Our sense of self, our identity, our culture and out country is not ‘a gift’ that the UK can take back. We are not ‘the property’ of the UK, we do not have to cow tow to the views, beliefs and dogma of Westminster. All relationships are a two way street and any relationship (political or personal) has to be built on the concept of equality of right to self-expression, trust and respect.
In this series of articles, I have sought to promote the concept of ‘we’. I have highlighted the need to think ‘we’ and work together to overcome what life puts in front of us. I have argued that we will get through the Corona Virus by supporting each other. I have critiqued individual ideas about impairment, male egos, patriarchal ideas about character and political ways of thinking about strength/war that promote divisive nil sum games concerning winners and losers.
When seeking to work together to make the world a better place, the ‘I’ should never be suppressed at the behest of the ‘we’ – the I does not have to lose or be lost in a jingoistic and simplistic idea of ‘we’, that has never paused for five minutes to understand the cultural nuances of Scottishness .
Earlier articles in this series indicated that my experience in the hospital helped me to get in touch with my inner child. That inner child has/had a strong sense of Scottishness. In the hospital I made a promise to myself to find a way to live that held on to the wonderment of that inner child (who loved the simple things in life). I made a pledge to spend more time with those who could nurture and nourish that sense of wonderment in me.
What I learnt from my experienced is that we have to have a strong sense of ‘I’ if we are to bring out our best ‘we’. As I said in my last article, my wife and I struggled to find new ways of being ‘we’. There was no crime in that, especially as our sense of ‘I’ was so fractured by our experience and my sense of ‘I’ was so restricted by my hospitalisation.

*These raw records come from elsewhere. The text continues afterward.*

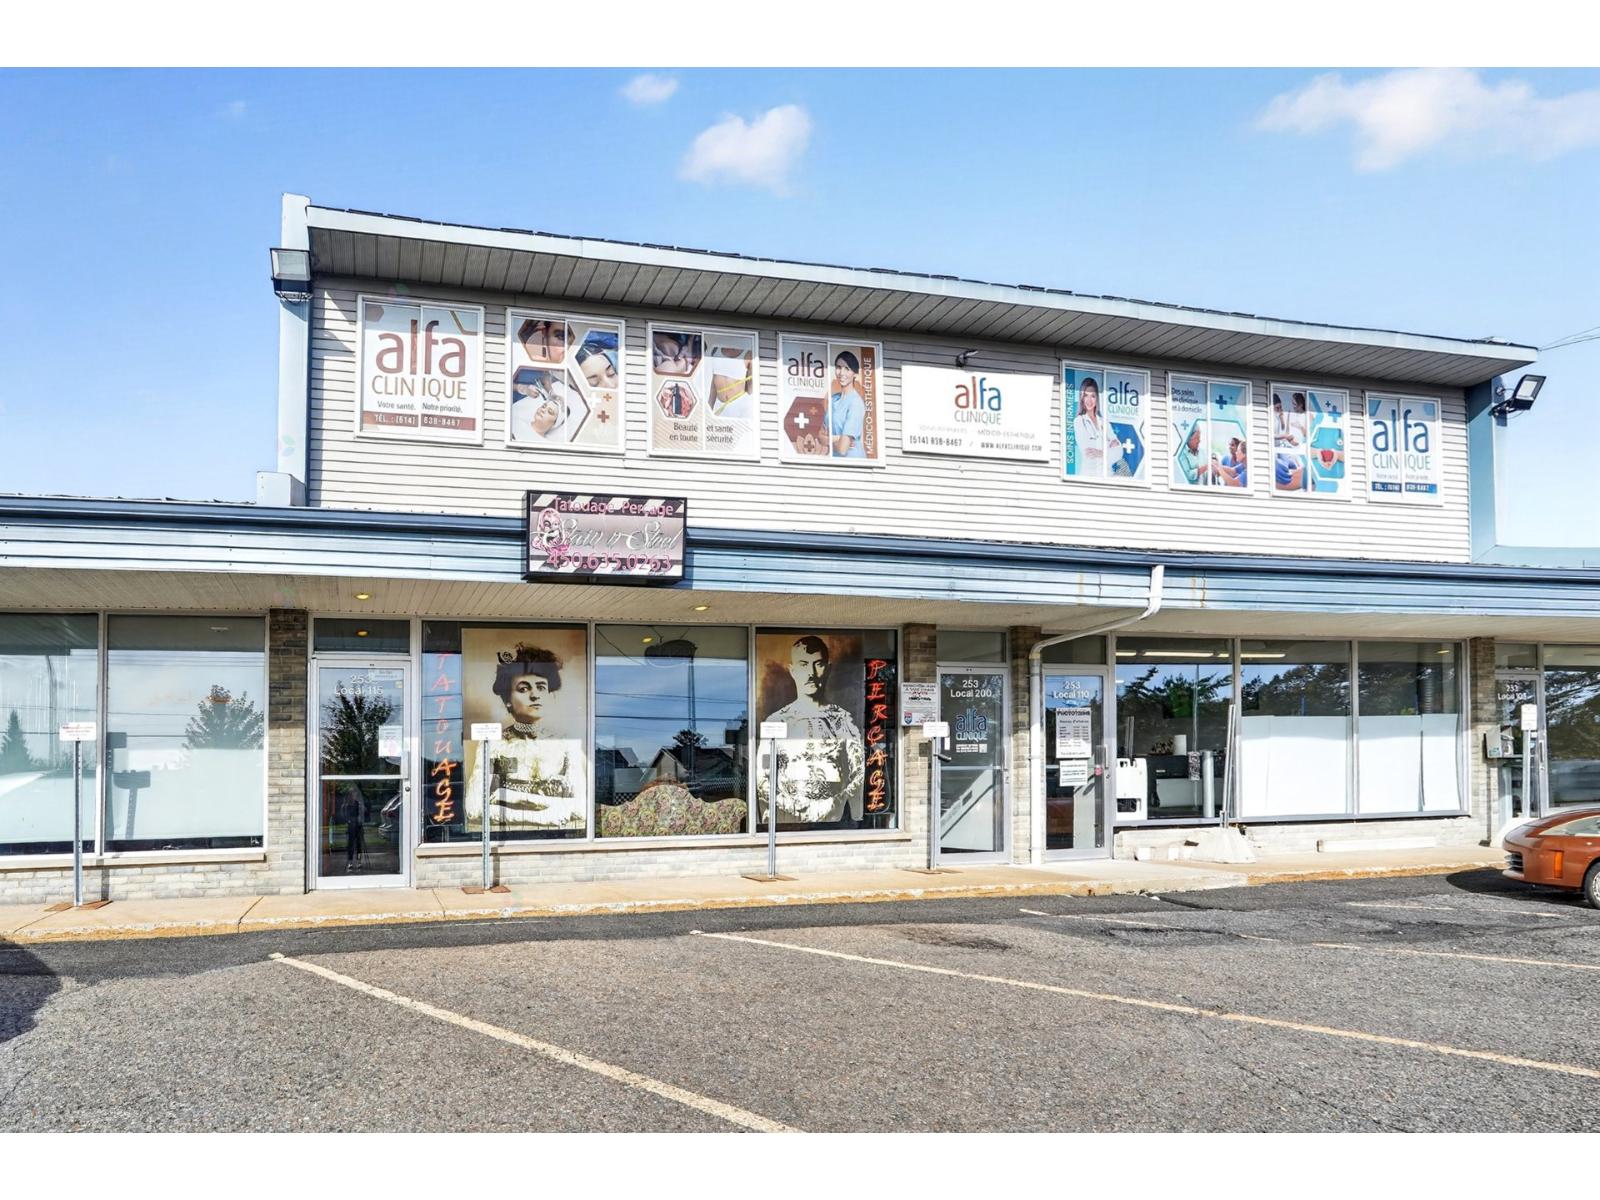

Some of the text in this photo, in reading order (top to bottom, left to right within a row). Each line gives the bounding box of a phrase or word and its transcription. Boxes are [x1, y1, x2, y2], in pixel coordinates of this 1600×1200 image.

[375, 319, 467, 378] alfa
[787, 351, 825, 378] alfa
[371, 375, 467, 401] CLINIQUE
[787, 376, 825, 388] CLINIQUE
[954, 375, 1002, 411] alfa
[1107, 381, 1139, 407] alfa
[377, 401, 395, 409] Votre
[422, 402, 439, 411] Notre
[1107, 403, 1139, 415] CLINIQUE
[954, 409, 1001, 425] CLINIQUE
[1065, 383, 1075, 464] SOINS INFIRMIERS
[673, 422, 734, 434] Beauté et santé
[1372, 408, 1430, 454] alfa
[679, 433, 698, 441] toute
[706, 434, 734, 444] sécurité
[909, 436, 929, 445] (514)
[930, 436, 962, 447] 838-8467
[1372, 453, 1431, 472] CLINIQUE
[554, 496, 674, 519] Tatouage Perçage
[547, 550, 673, 573] 450.635.0263
[334, 685, 363, 696] Local
[962, 679, 979, 688] 253
[1064, 680, 1081, 690] 253
[950, 689, 992, 698] Local 200
[1053, 690, 1075, 699] Local
[955, 708, 987, 731] alfa
[431, 653, 458, 823] TATOUAGE
[865, 658, 889, 812] PERÇAGE
[955, 730, 988, 743] CLINIQUE
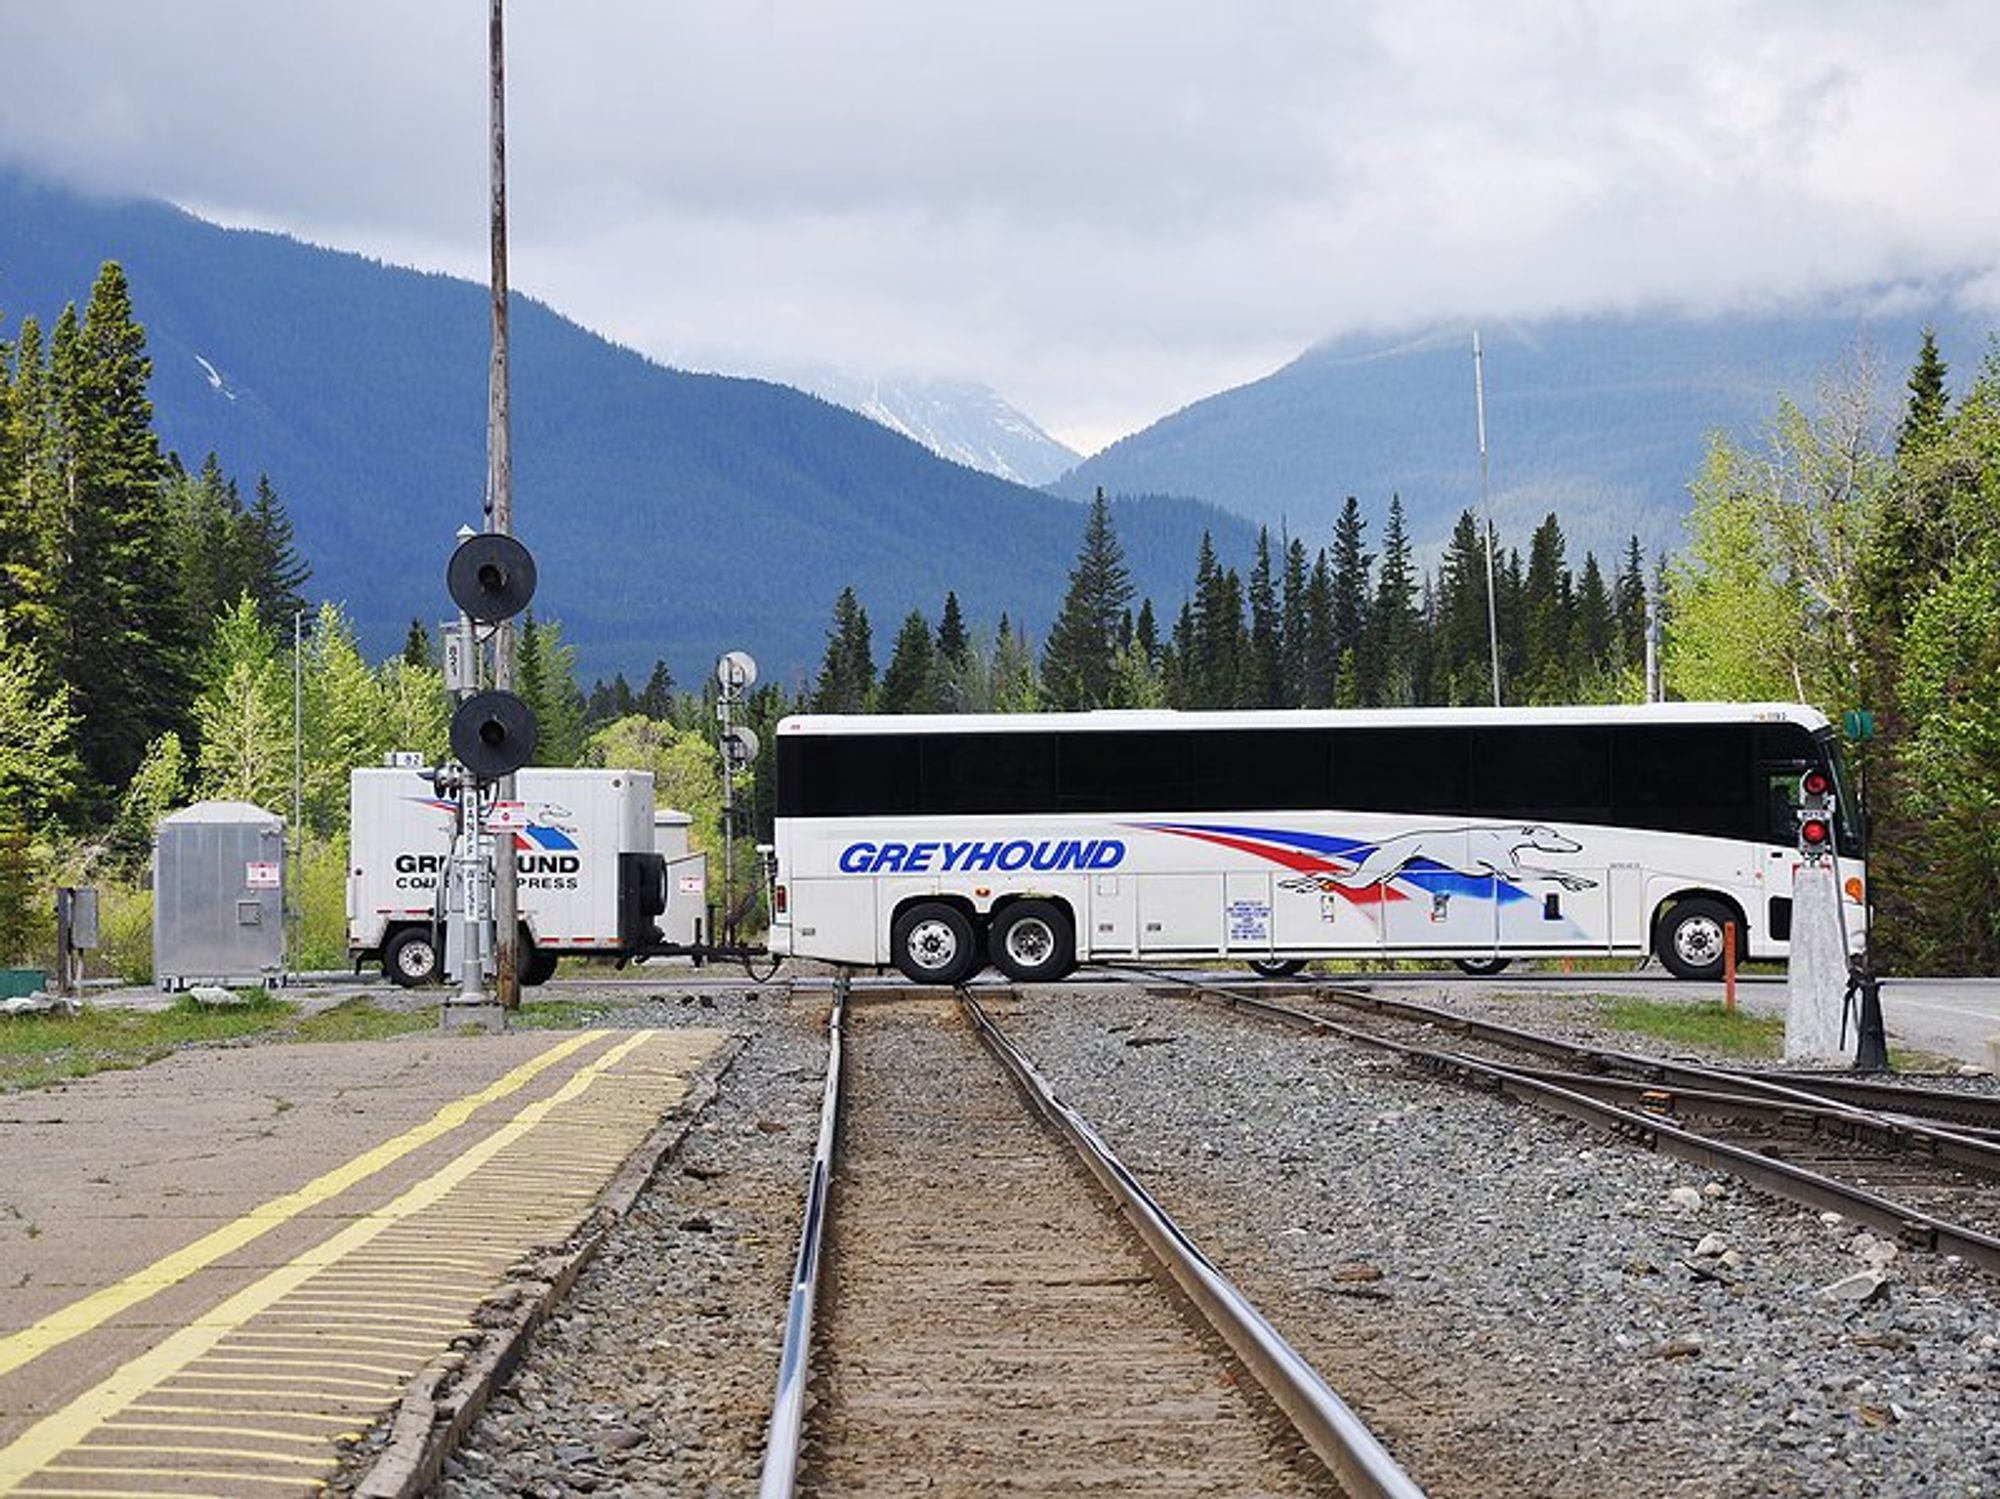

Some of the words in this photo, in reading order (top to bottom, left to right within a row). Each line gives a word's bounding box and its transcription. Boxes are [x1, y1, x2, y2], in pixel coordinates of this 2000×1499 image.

[466, 795, 475, 856] BANFF
[395, 854, 580, 874] GRUND
[839, 839, 1127, 873] GREYHOUND
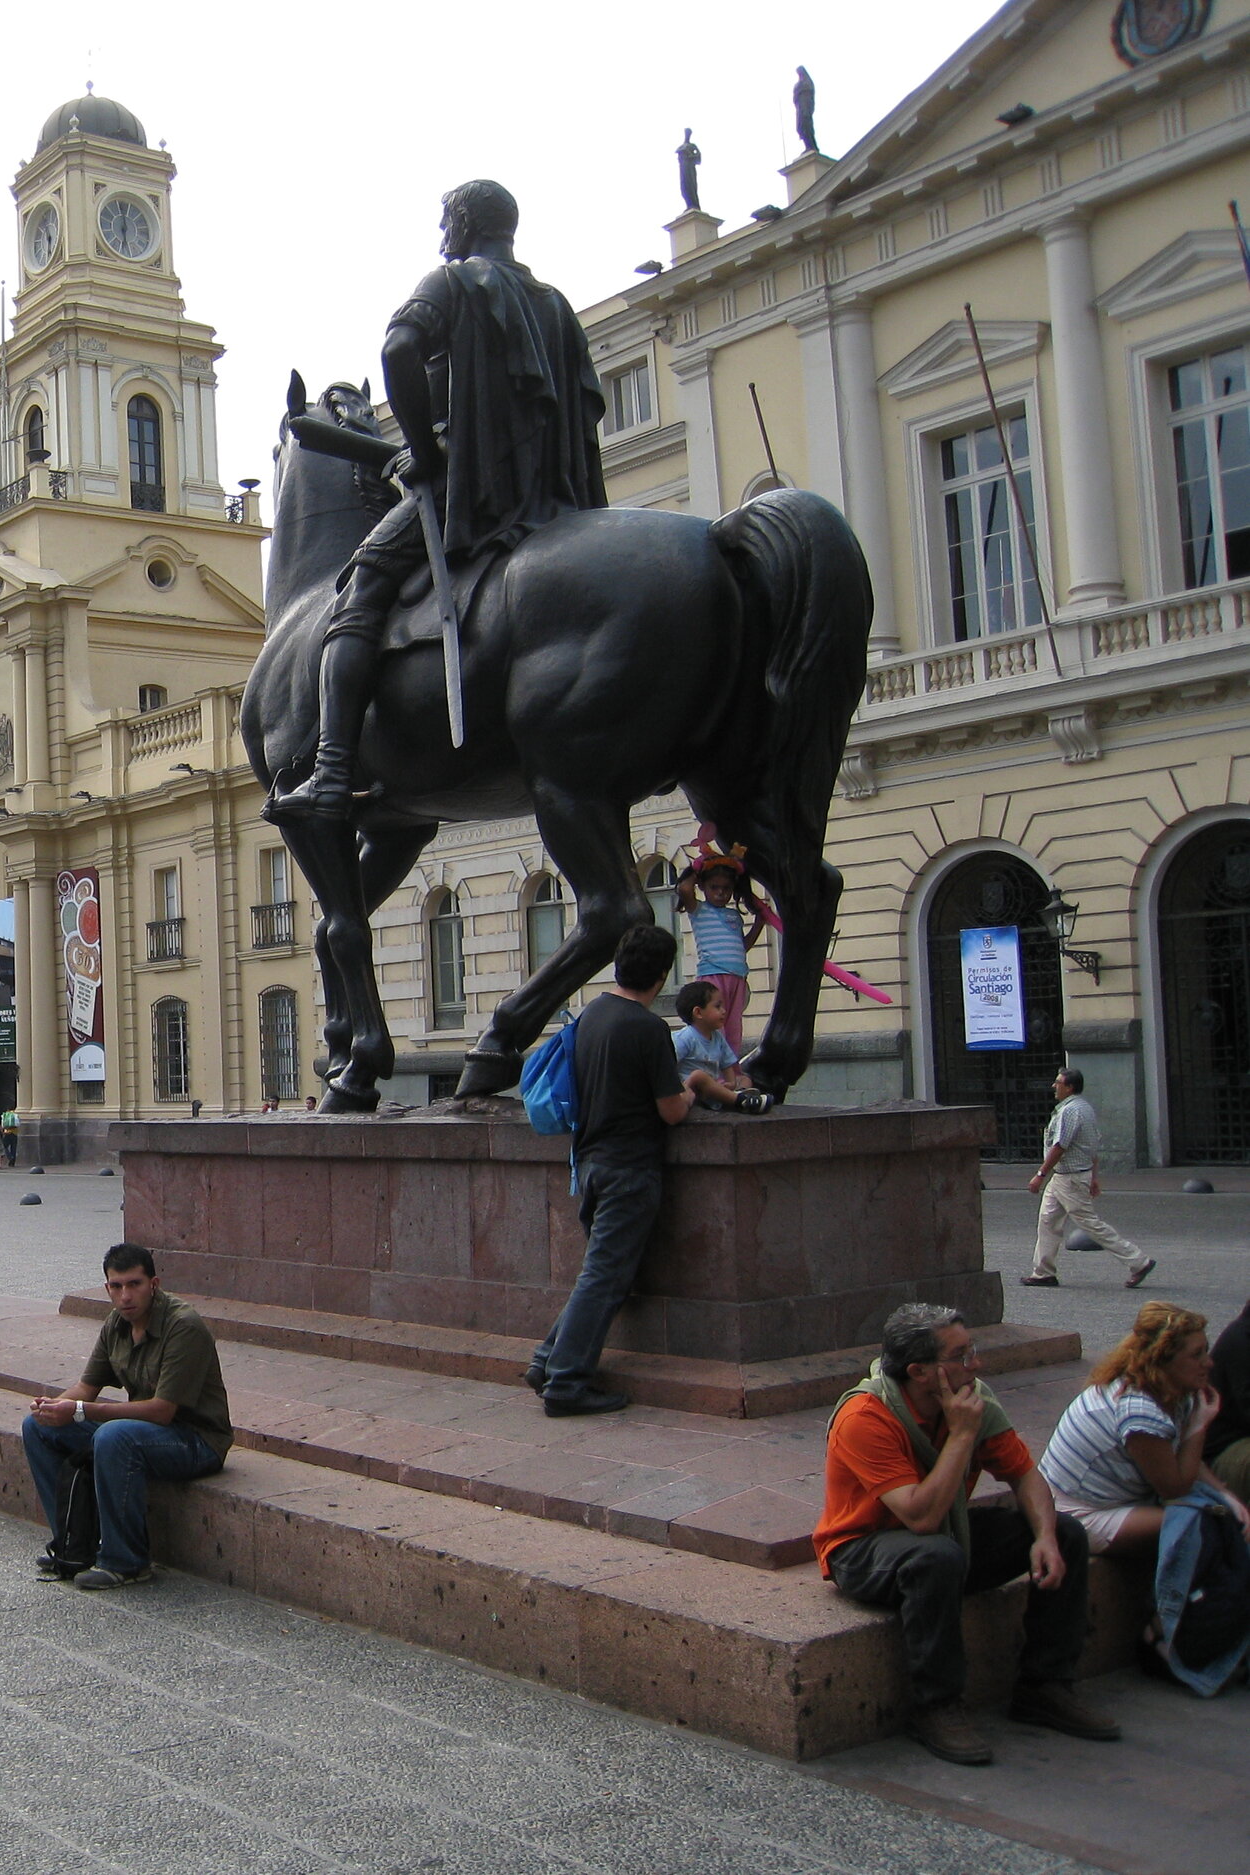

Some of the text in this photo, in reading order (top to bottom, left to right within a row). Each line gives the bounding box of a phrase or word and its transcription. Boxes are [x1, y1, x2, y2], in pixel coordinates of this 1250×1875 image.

[967, 966, 1000, 974] Permisos
[967, 972, 1013, 983] Circulación
[968, 982, 1013, 996] Santiago

What I have enjoyed most since leaving hospital is the ability to value and reconnect with my homeland. But, ironically, I also have this massive urge to travel again to re-connect with friends in other countries because I think it will also help me recover my sense of self. Unionists may wish to reflect on why my Scottish sense of self is easier to express out side of the UK.
My wife and I need time to work through all that we went through, to process its meaning and to find new ways forward as equal human beings better in touch with our own identities and celebrating our better selves. Those better selves that our experiences have almost crushed.
This article has sought to highlight that we all hold contradictions with in our own identities and has asked you to be generous and empathetic when other people infringe upon your world – even when they are grading your arse for their homework.
In so doing, this article has highlighted that, we do not have to accept the way that some people behave towards us and that we must challenge people who try to crush our spirit. But it has also pointed out that we have to be careful, when challenging injustice, that we do replicate those injustices and end up becoming as narcissistic as those who have offended us.
We can challenge people and yet still tap into our better selves. When we challenge people with humour and generosity (rather than with silence, anger or violence) it enables us to rise above their negativity and avoid replicating their negative behaviours. It creates a bridge to reduce the gaps between us and gives hope for a better way of being, that leads to a better world.